- "Breathers like this one can extend the life of a rally," CNBC's Jim Cramer said after the market sold off Thursday.
- "But without good news on the virus, I'm pretty certain that we'll have more breathers down the pike, so be prepared," the "Mad Money" host said.
- Still, he said it was an "odd day for the market to take a dive."
Investors were spooked by a pickup in coronavirus cases in South Korea and triggered a sell-off on the stock market, CNBC's Jim Cramer said Thursday.
The Dow Jones Industrial Average dropped 128 points, the S&P 500 declined 0.38% and the Nasdaq Composite fell 0.67% during the trading day, though the major averages were down even more earlier in the session.

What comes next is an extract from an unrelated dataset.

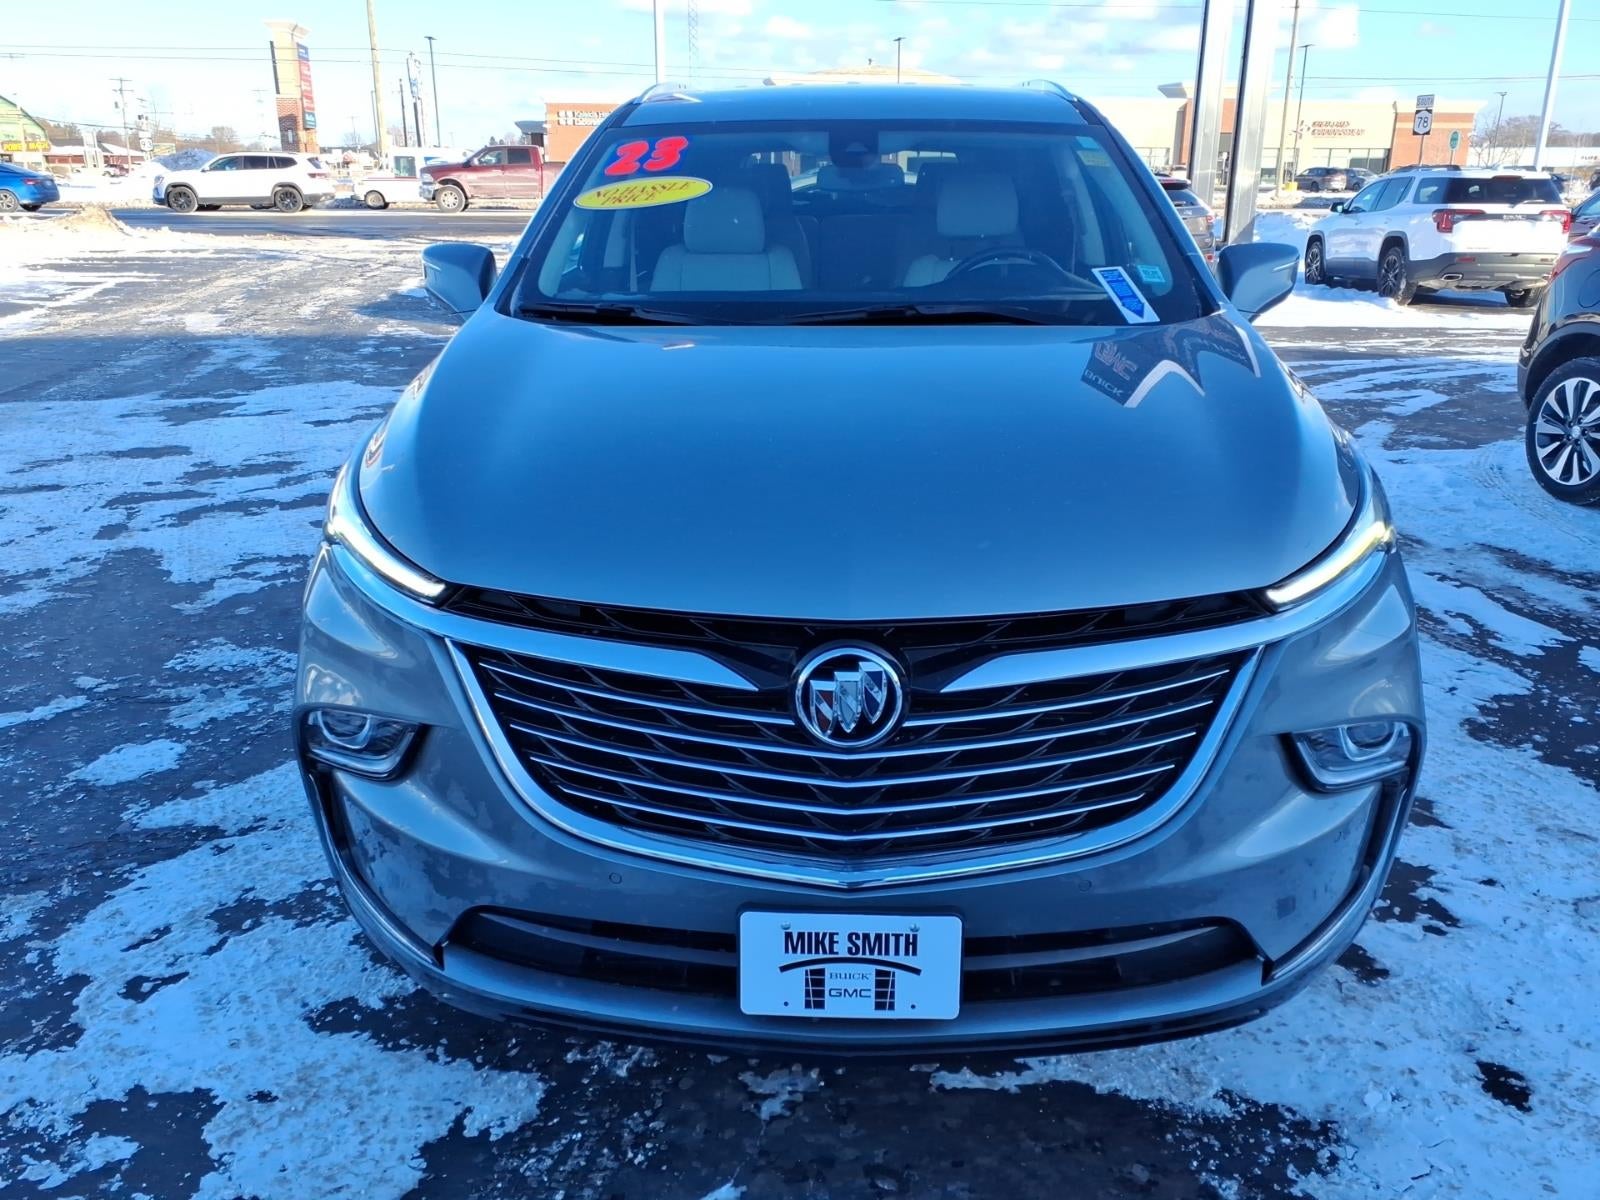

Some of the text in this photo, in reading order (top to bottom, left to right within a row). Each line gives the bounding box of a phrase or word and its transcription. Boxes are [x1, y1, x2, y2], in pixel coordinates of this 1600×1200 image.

"Breathers like this one can extend the life of a rally," the "Mad Money" host said. "But without good news on the virus, I'm pretty certain that we'll have more breathers down the pike, so be prepared."
South Korea officials reported that the number of people diagnosed with the novel coronavirus, called COVID-19, just about doubled overnight, to 104 confirmed cases. Dr. Oliver Morgan, the director of health emergency information at the World Health Organization, said, though, that it "doesn't signal a particular change in global epidemiology."
Wall Street, however, did receive a basket of positive news. Cramer called it an "odd day for the market to take a dive."
U.S. Federal Reserve officials revealed data that suggest the manufacturing economy could be in the midst of a rebound, after taking hits from U.S.-China trade tensions in 2019.
After a tense Democratic debate in Las Vegas on Wednesday night, investors are increasingly convinced that President Donald Trump will win reelection in November if Sen. Bernie Sanders, I-Vt., wins the nomination, the host said.
Procter & Gamble warned that the coronavirus outbreak could cause a slowdown in its business, but the stock rallied nearly 1% anyway, Cramer noted.
"Look, all sell-offs are not created equal. Some are a lot worse than others. This was not a slash-and-burn sell-off, it was more like the kind of pruning you do to trees that are too near the power lines," Cramer said. "I like it when the market gets pruned because trees grow back, and hopefully they grow back stronger, slower [and] steadier."